Il figlio del duca Ercole I e di Eleonora d'Aragona era assai portato per le armi, arreso e costretto alla porpora per motivi politici dal padre che avrebbe sognato un Estense sul trono di Pietro, in competizione coi Medici di Firenze che avevano avuto Leone X.
Erano tempi in cui si diventava cardinale e anche papa, per ragioni molto lontane dalla fede e dalla vocazione al sacerdozio. Il papa di quel tempo, Alessandro VI, aveva avuti i suoi figli - Cesare, Giovanni e Lucrezia - da Vannozza de' Cattanei, e celebrava messa davanti ai dipinti del Pinturicchio che per le forme della Vergine Maria si era ispirato alla bellissima Giulia Orsini, amante ufficiale del pontefice. E le Corti d'Europa gareggiavano a imparentarsi con i figli del papa.
Dunque il poco mistico cardinale, dopo aver ascoltato in una delle sale del Castello Estense alcuni episodi dell'Orlando Furioso, eccolo uscire con un'incredibile domanda: «Messer Lodovico, dove siete andato a trovare tante coglionerie?»

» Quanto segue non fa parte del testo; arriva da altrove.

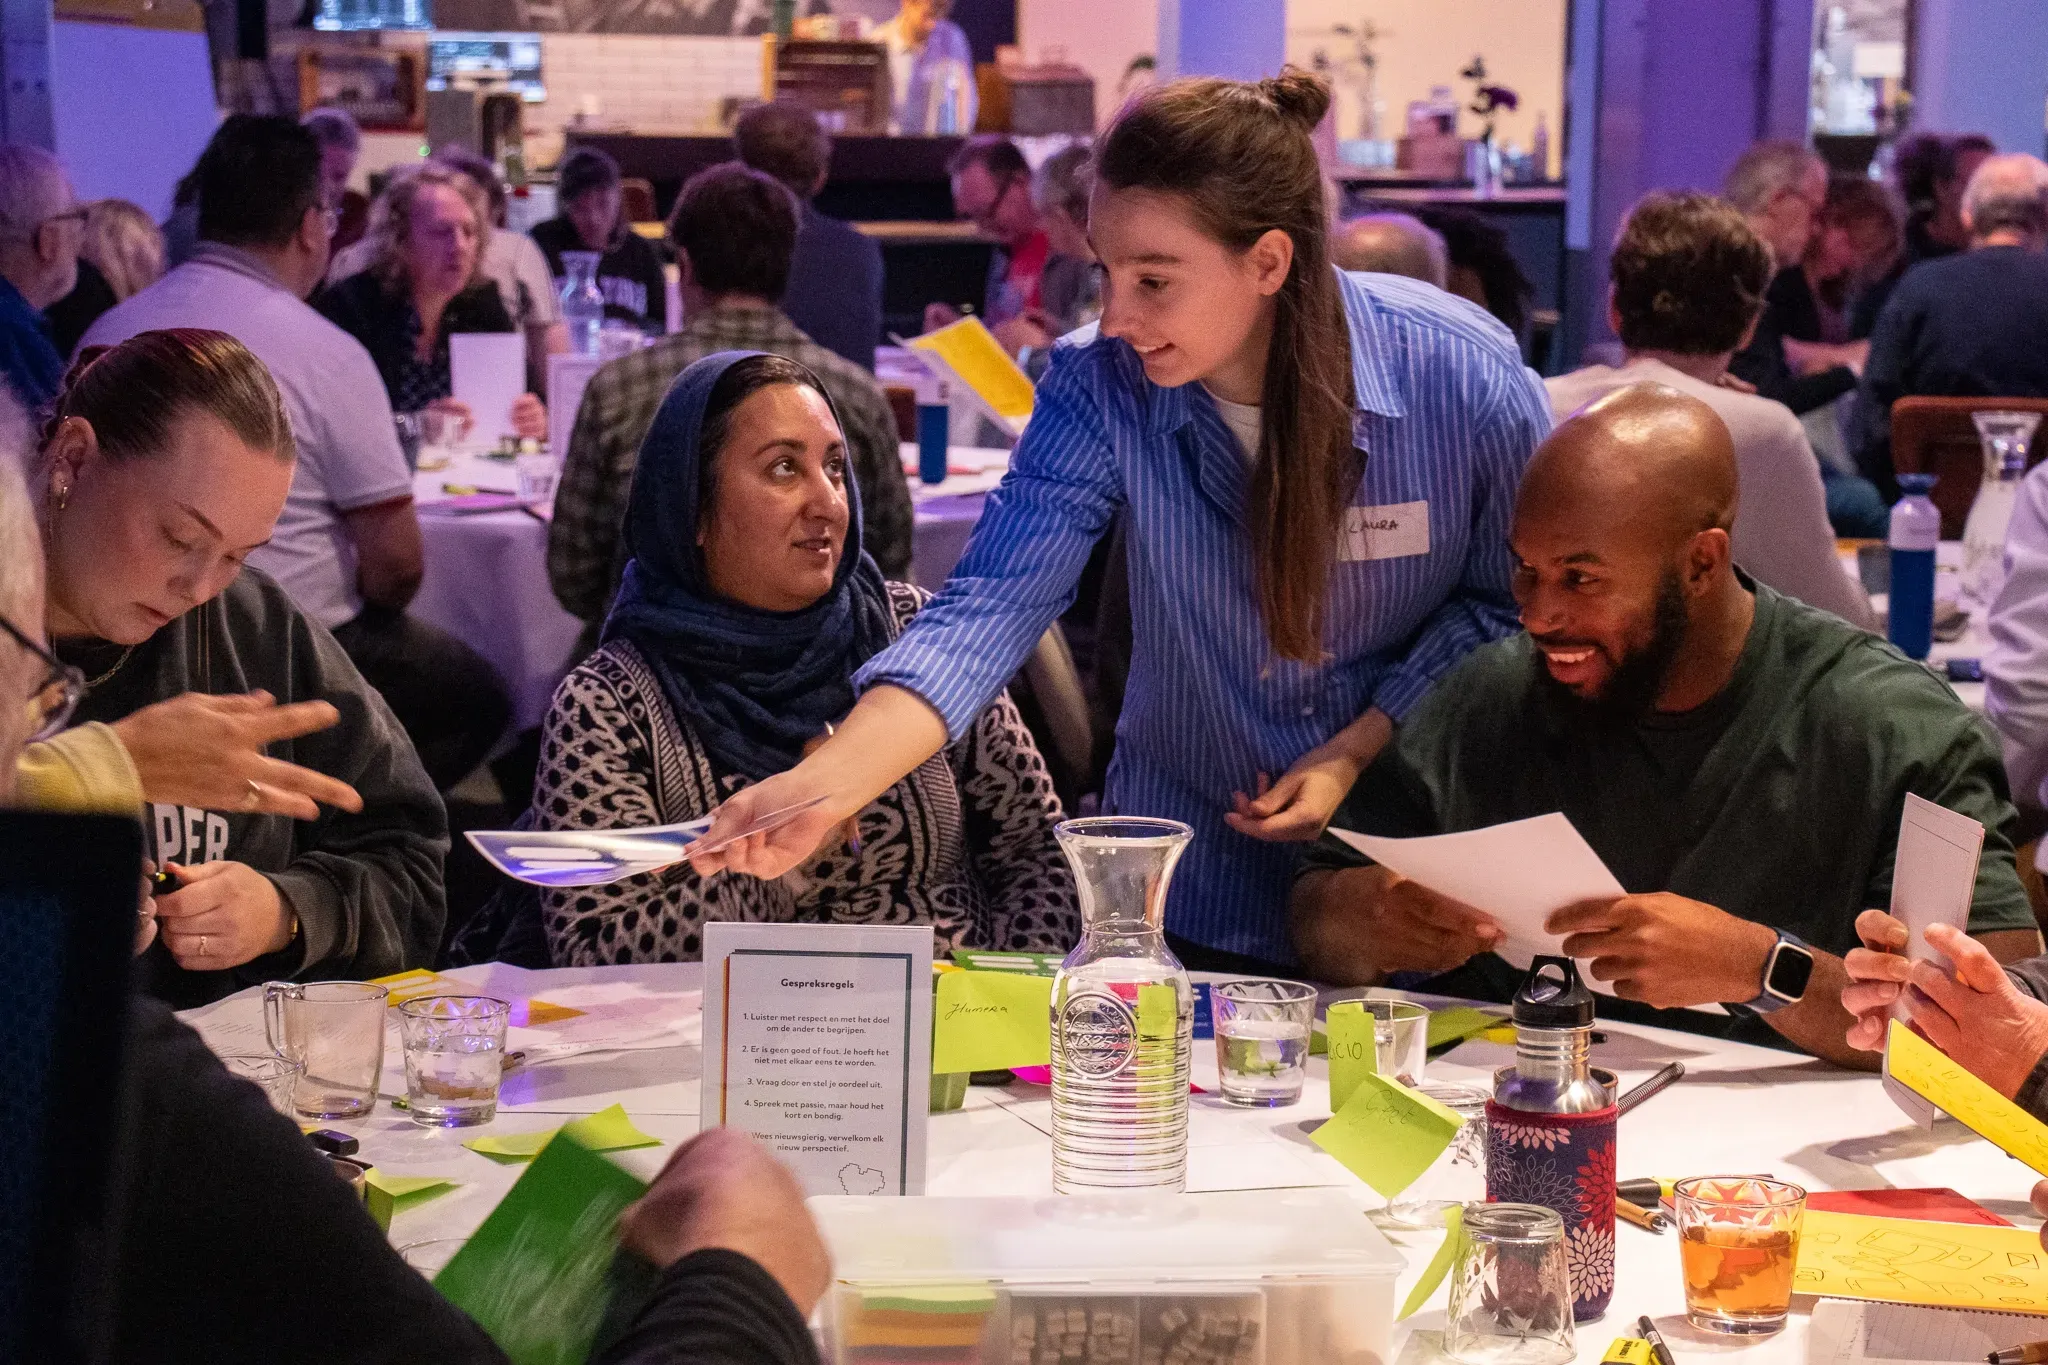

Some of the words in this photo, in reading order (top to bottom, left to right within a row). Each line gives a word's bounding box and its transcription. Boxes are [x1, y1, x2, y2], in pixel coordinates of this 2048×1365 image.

Al cardinale garbava più del Lodovico poeta, il segretario particolare, che doveva sfilargli gli stivali la notte, prepararlo a coricarsi togliendogli la casacca, scrivergli le lettere. Ma la brutalità della domanda ha una sua orrenda provvidenzialità. Perché il cardinale si scopre come tutti gli uomini che reagiscono con risentimento difensivo davanti all'arte, per tanti basti l'esempio del disagio di Camillo Benso di Cavour che reagiva malissimo davanti alla musica, 'troppo difficle' per lui. Da dove viene tutta quella massa di parole, quella selva di episodi ? Dove si trovano la fucina, il buco, l'antro da cui escono ?
Enrico Corty, Ferrara, palazzo Paradiso, Sala Ariosto, disegno a lapis e trascrizione delle lapidi.L'impertinente domanda rivela in sostanza il bisogno di colonizzare l'infido territorio barbaro del fantastico. Dimostra il disagio insopportabile degli uomini che si fondano sul principio di realtà, quello che Freud illustrava nel suo saggio sulla Gradiva di Jensen, toccando il terribile potere della Letteratura di scardinare i pilastri della realtà, rivelando forze della creatività che il Potere non sa controllare.
Ma ne emerse, almeno per me, una lezione di vita, che vorrei riproporre soprattutto ai giovani se nutrono una certa passione per la scrittura. Come l'incallita aridità del cardinale ferrarese, la grossolana sordità dell'ambiente in cui viviamo, può essere uno straordinario contributo a difendere e a far crescere una vocazione letteraria, una passione esclusiva per la scrittura. L'Ariosto continuò a scrivere e compì il suo capolavoro, non scoraggiato da quella reazione, che non saprei definire se più stolta o impaurita.
Una dichiarazione di fede può nascere solo davanti a una persecuzione autentica, di fronte a un abbassamento scoperto della tensione morale di un'esistenza. Diffidiamo di un ambiente troppo favorevole e incline ad accogliere le nostre primarie ossessioni.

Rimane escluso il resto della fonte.